- EXERCISE BRIEF -
Each record should be copied exactly into the answer, and no picture should go with it.

- STUDY MATERIAL -
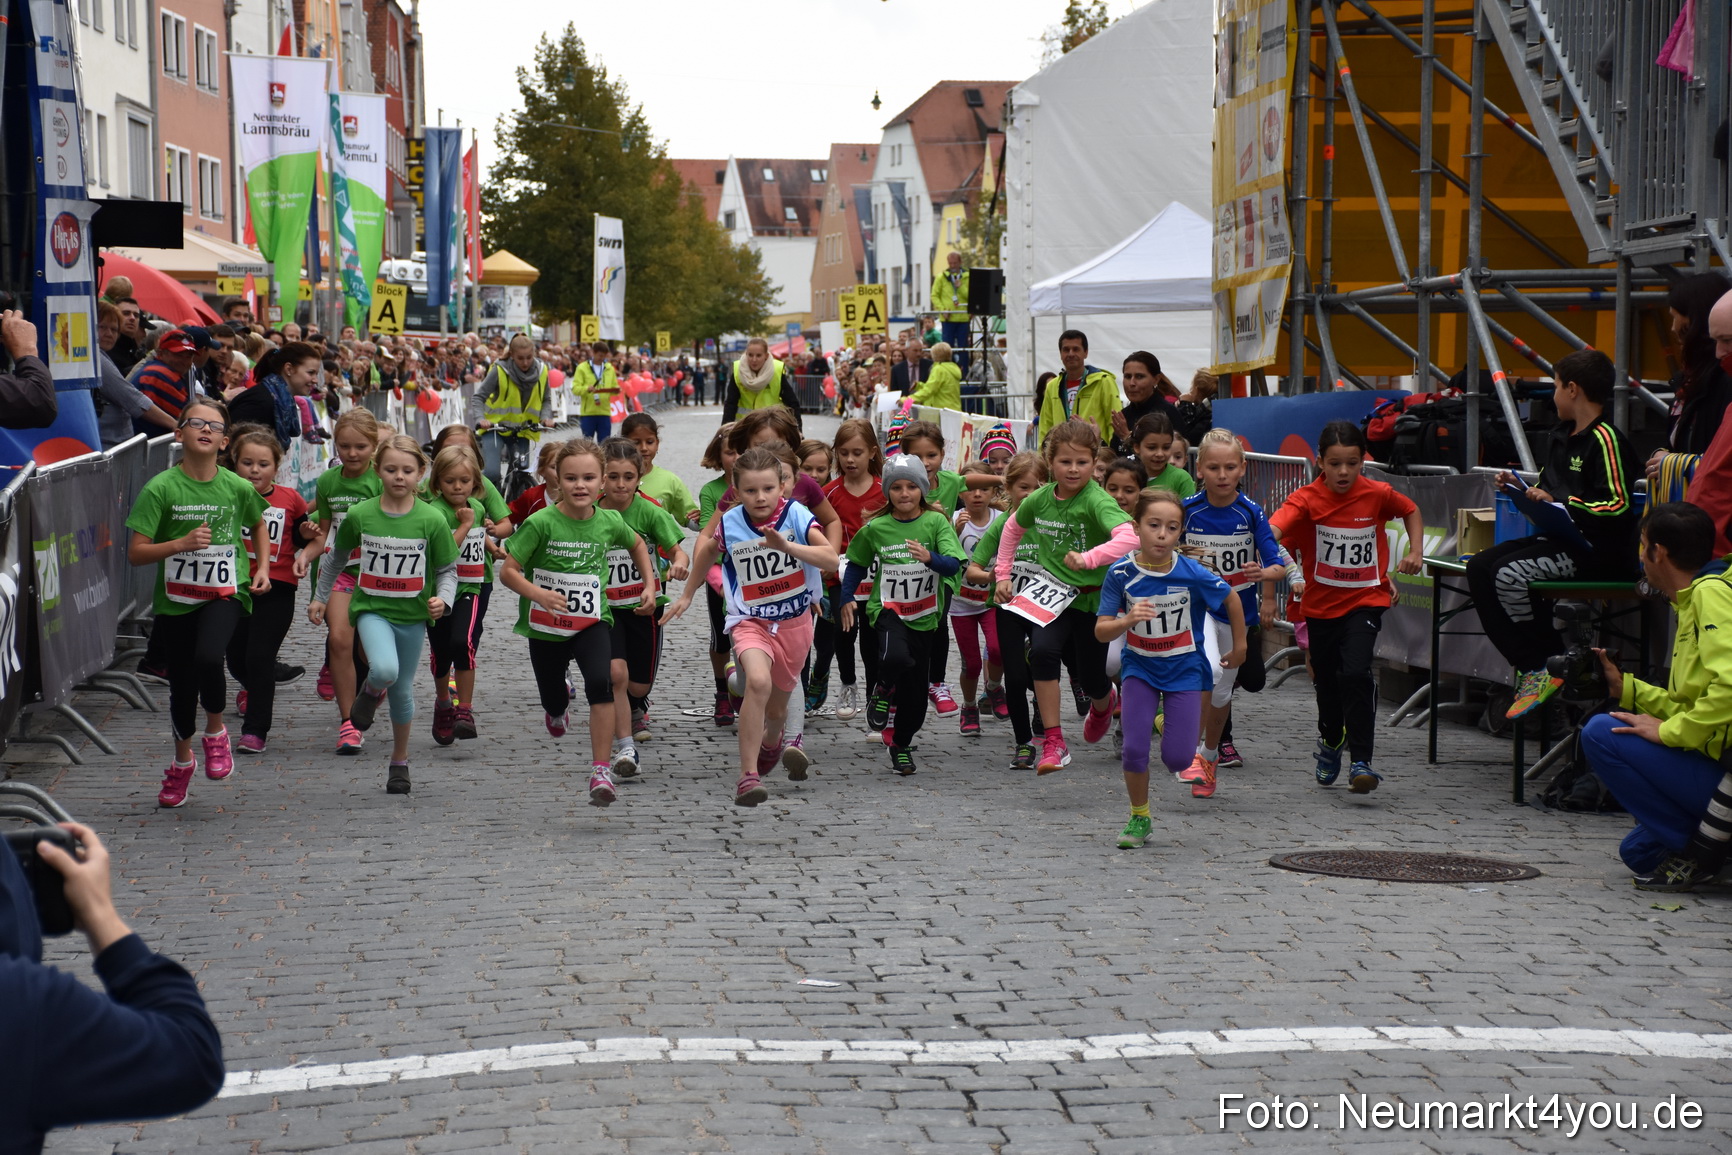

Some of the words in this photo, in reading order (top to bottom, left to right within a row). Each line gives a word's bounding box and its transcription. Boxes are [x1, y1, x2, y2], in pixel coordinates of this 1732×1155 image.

[253, 112, 301, 124] Neumarkter
[221, 264, 263, 274] Klostergasse
[377, 285, 402, 296] Block
[858, 286, 884, 296] Block
[377, 299, 396, 324] A
[845, 304, 856, 321] B
[863, 299, 881, 323] A
[585, 324, 595, 337] C
[172, 504, 218, 512] Neumarkter
[172, 513, 209, 522] Stadtlauf
[1318, 530, 1339, 540] PARTL
[1340, 533, 1370, 541] Neumarkt
[363, 540, 383, 549] PARTL
[547, 540, 592, 548] Neumarkter
[545, 548, 583, 559] Stadtlauf
[733, 547, 753, 556] PARTL
[1323, 540, 1373, 565] 7138
[367, 550, 421, 575] 7177
[739, 551, 798, 582] 7024
[172, 558, 229, 584] 7176
[608, 563, 643, 585] 708
[901, 568, 931, 576] Neumarkt
[1334, 570, 1360, 580] Sarah
[376, 579, 406, 590] Cecilia
[535, 574, 556, 585] PARTL
[557, 579, 590, 588] Neumarkt
[886, 574, 934, 600] 7174
[181, 586, 220, 599] Johanna
[758, 580, 790, 596] Sophia
[1021, 577, 1067, 609] 7437
[540, 584, 594, 614] 53
[900, 602, 923, 614] Emilia
[553, 616, 573, 628] Lisa
[1132, 607, 1184, 635] 117
[1139, 639, 1175, 650] Simone

- TASK RESULT -
Some of the words in this photo, in reading order (top to bottom, left to right within a row). Each line gives a word's bounding box and its transcription. Boxes are [x1, y1, x2, y2], in pixel coordinates of this 1732×1155 image.

[253, 112, 301, 124] Neumarkter
[221, 264, 263, 274] Klostergasse
[377, 285, 402, 296] Block
[858, 286, 884, 296] Block
[377, 299, 396, 324] A
[845, 304, 856, 321] B
[863, 299, 881, 323] A
[585, 324, 595, 337] C
[172, 504, 218, 512] Neumarkter
[172, 513, 209, 522] Stadtlauf
[1318, 530, 1339, 540] PARTL
[1340, 533, 1370, 541] Neumarkt
[363, 540, 383, 549] PARTL
[547, 540, 592, 548] Neumarkter
[545, 548, 583, 559] Stadtlauf
[733, 547, 753, 556] PARTL
[1323, 540, 1373, 565] 7138
[367, 550, 421, 575] 7177
[739, 551, 798, 582] 7024
[172, 558, 229, 584] 7176
[608, 563, 643, 585] 708
[901, 568, 931, 576] Neumarkt
[1334, 570, 1360, 580] Sarah
[376, 579, 406, 590] Cecilia
[535, 574, 556, 585] PARTL
[557, 579, 590, 588] Neumarkt
[886, 574, 934, 600] 7174
[181, 586, 220, 599] Johanna
[758, 580, 790, 596] Sophia
[1021, 577, 1067, 609] 7437
[540, 584, 594, 614] 53
[900, 602, 923, 614] Emilia
[553, 616, 573, 628] Lisa
[1132, 607, 1184, 635] 117
[1139, 639, 1175, 650] Simone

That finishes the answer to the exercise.